A PAISAGEM DO ALMOÇO

Por distração, quiçá levado por uma tentativa de alterar a rotina e a mesmice, resolvi almoçar sentado à ampla janela do apartamento, de onde se descortina um exuberante e esverdeado cerrado e, lá adiante, no rumo das praias da zona Sul de Natal, são perceptíveis blocos de apartamentos, pequenos morros e, em meio a isso tudo, bem perto de meu olhar, bandos de pássaros pequenos e grandes voejam procurando a qualquer custo a sobrevivência cotidiana.

De logo, passarinhos de espécies diferentes me presentearam com seus vôos e manobras, desfilando no ar como delicadas bailarinas em passos mirabolantes de extraordinários e flutuantes bailados. Eles subiam, dançavam, faziam maravilhosas acrobacias, cantavam, "discutiam" aos altos trinados, davam loopings inesperados e, vez em quando, alguns pousavam nos coqueirais do meu condomínio e nos arbustos e pequenas árvores do Cerrado adiante.
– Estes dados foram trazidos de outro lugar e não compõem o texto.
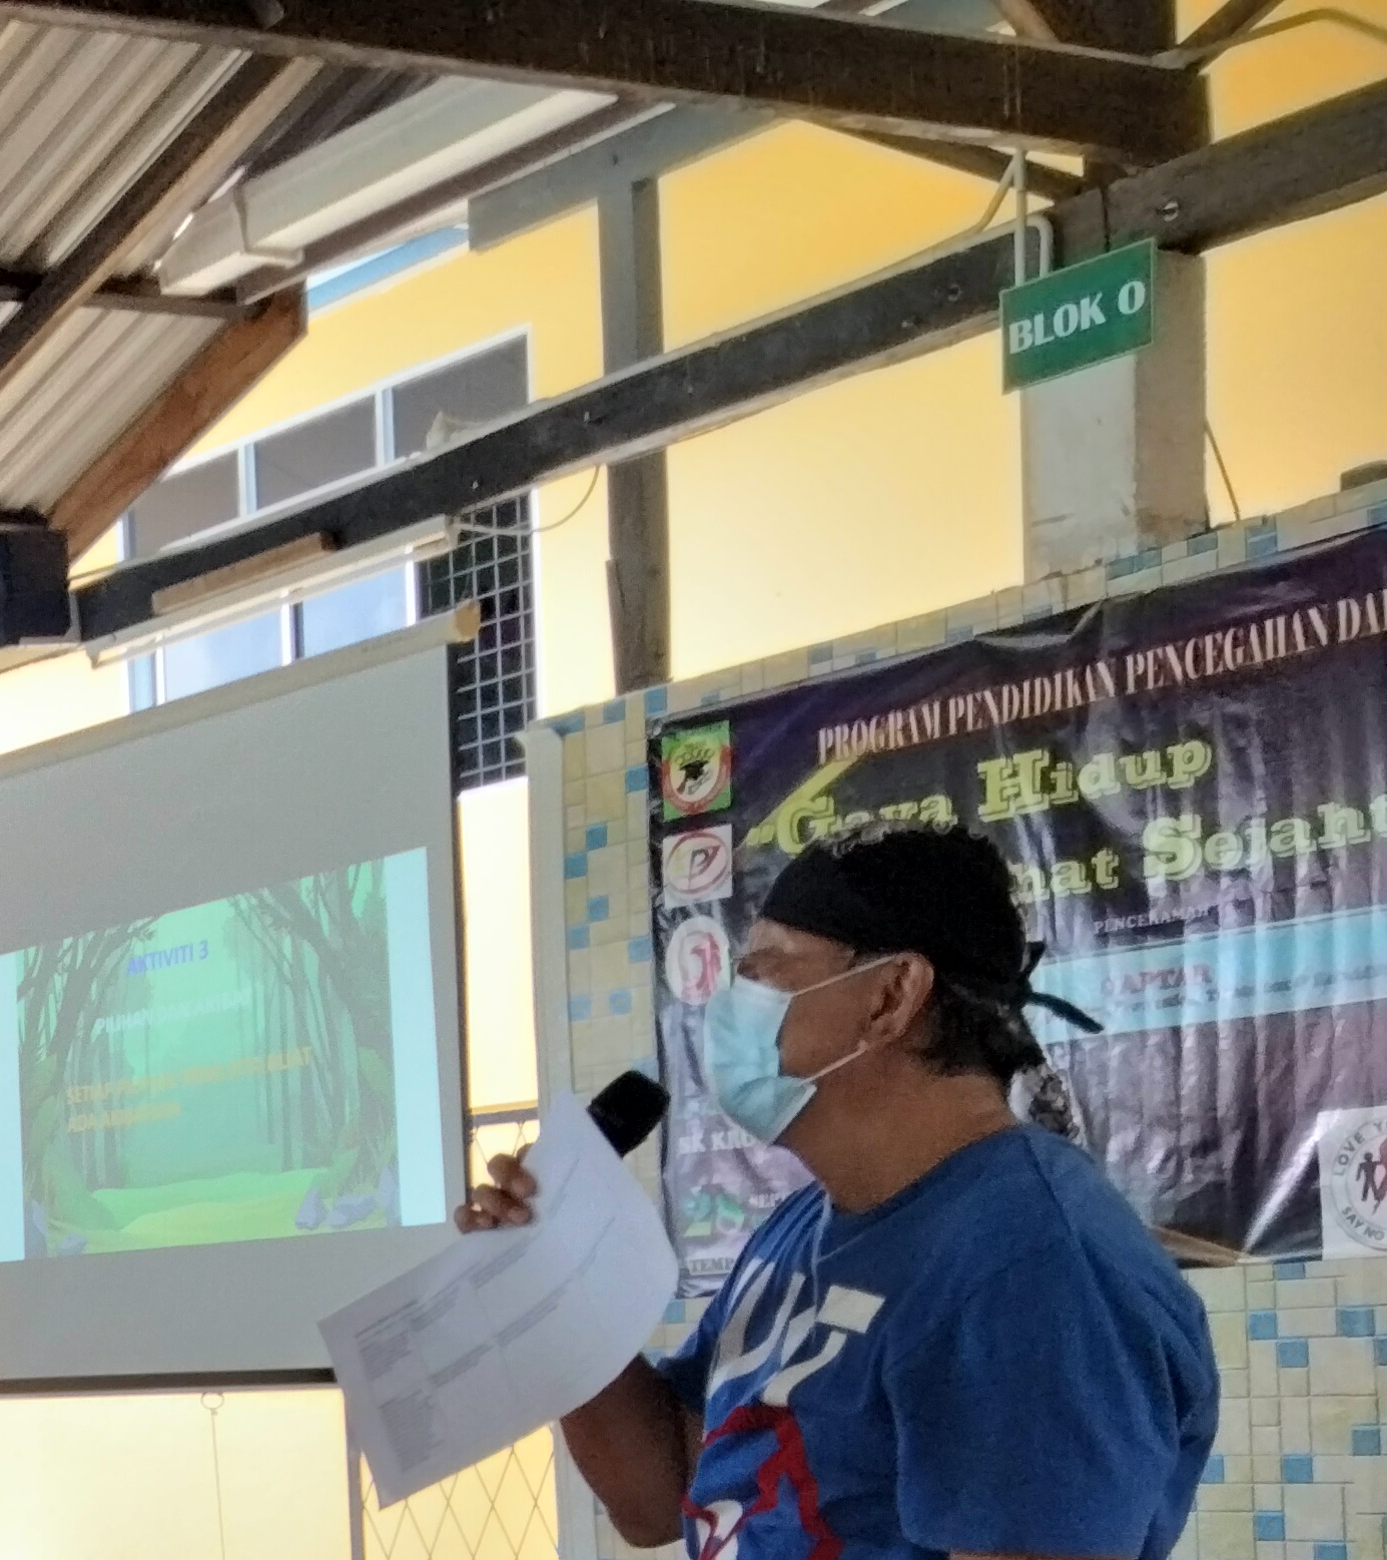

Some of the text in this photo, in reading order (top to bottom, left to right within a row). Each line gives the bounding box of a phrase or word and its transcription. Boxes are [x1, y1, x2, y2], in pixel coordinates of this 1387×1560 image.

[1009, 290, 1107, 355] BLOK
[817, 700, 941, 764] PROGRAM
[947, 661, 1116, 738] PENDIDIKAN
[1126, 603, 1328, 694] PENCEGAHAN
[976, 736, 1214, 821] Hidup
[127, 940, 209, 975] AKTIVITI 3
[1332, 1131, 1366, 1177] LOVE
[1341, 1205, 1385, 1241] SAY NO
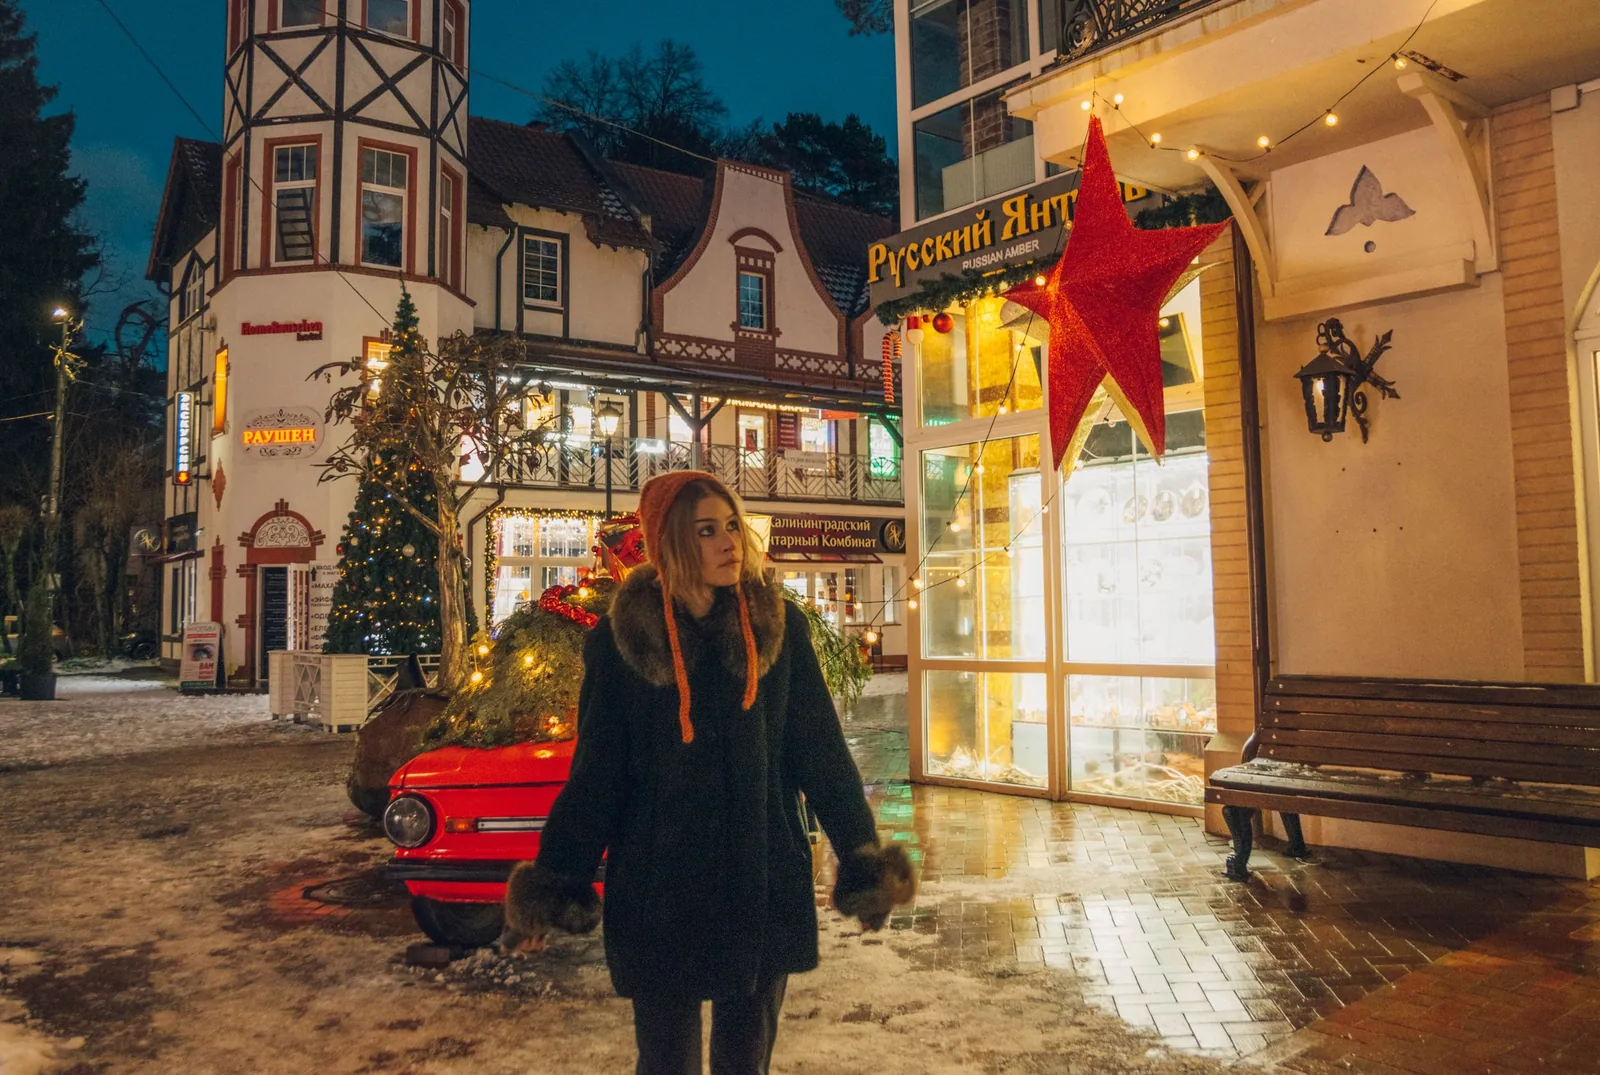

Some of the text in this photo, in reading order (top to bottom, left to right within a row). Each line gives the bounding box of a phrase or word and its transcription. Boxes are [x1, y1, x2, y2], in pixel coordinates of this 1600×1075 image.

[867, 182, 1147, 288] Русский Янть
[962, 250, 1004, 271] RUSSIAN
[1004, 239, 1041, 260] AMBER
[242, 428, 316, 444] РАУШЕН
[769, 534, 877, 549] нтарный Комбинат
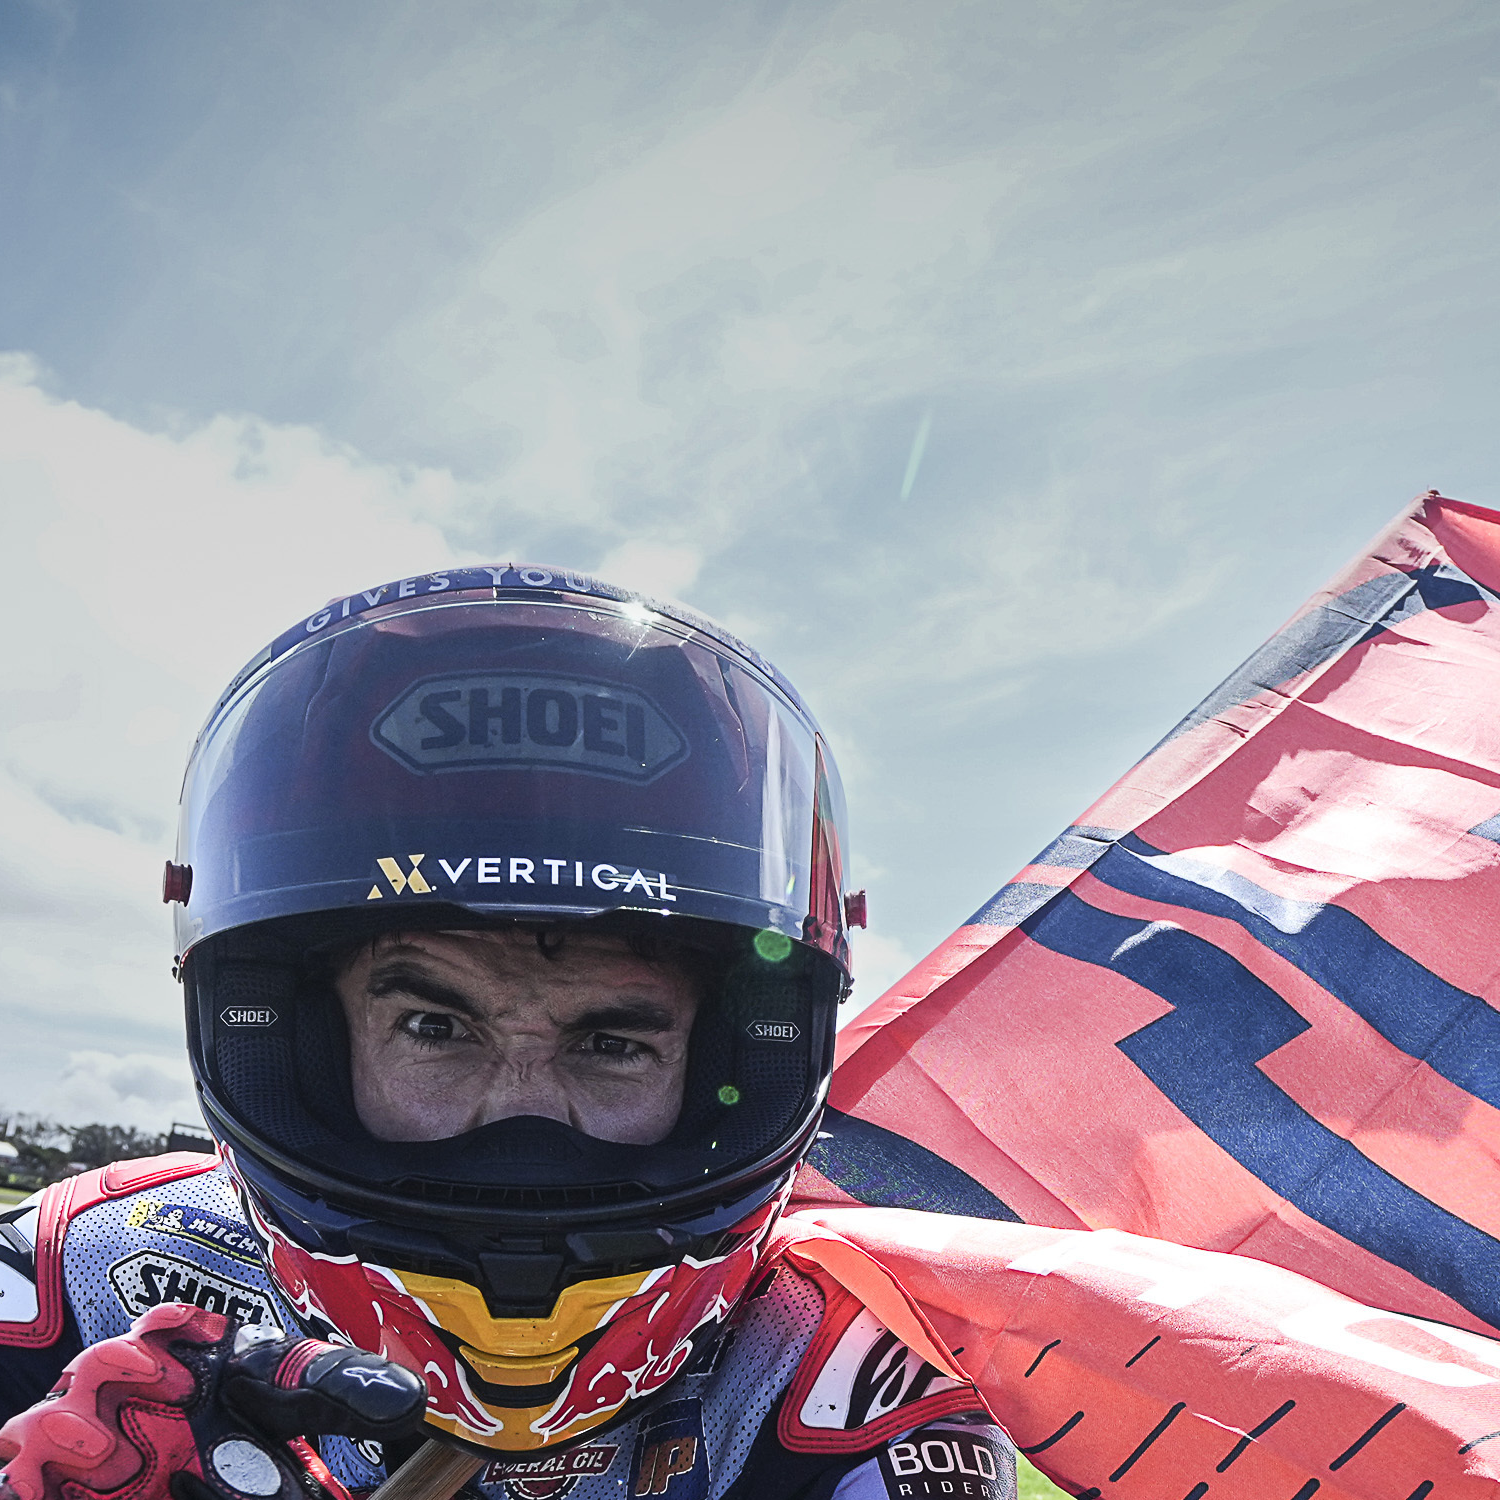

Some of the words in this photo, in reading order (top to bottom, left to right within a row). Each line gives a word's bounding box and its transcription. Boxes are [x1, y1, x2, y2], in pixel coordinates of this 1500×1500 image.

[305, 571, 450, 633] GIVES
[484, 567, 592, 592] YOU
[418, 686, 647, 766] SHOEI
[439, 857, 677, 902] VERTICAL
[227, 1009, 271, 1025] SHOEI
[754, 1023, 795, 1040] SHOEI
[572, 1450, 604, 1469] OIL
[888, 1440, 998, 1482] BOLD
Degustando a refeição, eu me deslumbrava ante o lindo espetáculo da vida no ar apresentado pelas alvoroçadas aves. Feliz por vislumbrar o belo concerto da natureza, o ensolarado azul do céu e a paisagem distante em busca das praias e do mar, eu apenas usufruia e me deleitava, sorria extasiado, encantado porque pela primeira vez em muitos anos algo diferente pingava cores novas aos meus olhos, melhor, a própria vida com seus milhares de encantos me proporcionava o ineditismo de suas nem sempre percebidas nuances. Um prédio inacabado bem próximo, cujas paredes nuas estão gradativamente se deteriorando pela chuva, o sol inclemente e o tempo implacável, que, pude perceber, tem servido de abrigo não apenas aos pássaros mas a grande diversidade existencial, toldava-me parcialmente a visão, tornando-a levemente triste. Abandonado por questões judiciais em virtude de divergências entre construtora e interessados em adquirir o imóvel, segundo eu soube anos atrás, o estragado prédio envelhecia e morria lentamente. Desviei dele o olhar e deixei-me levar pela beleza que se me apresentava em derredor, mergulhando novamente no êxtase e na alegria de enxergar com acuidade um mundo novo enquanto me alimentava. Que linda vista da vida vivendo, que almoço!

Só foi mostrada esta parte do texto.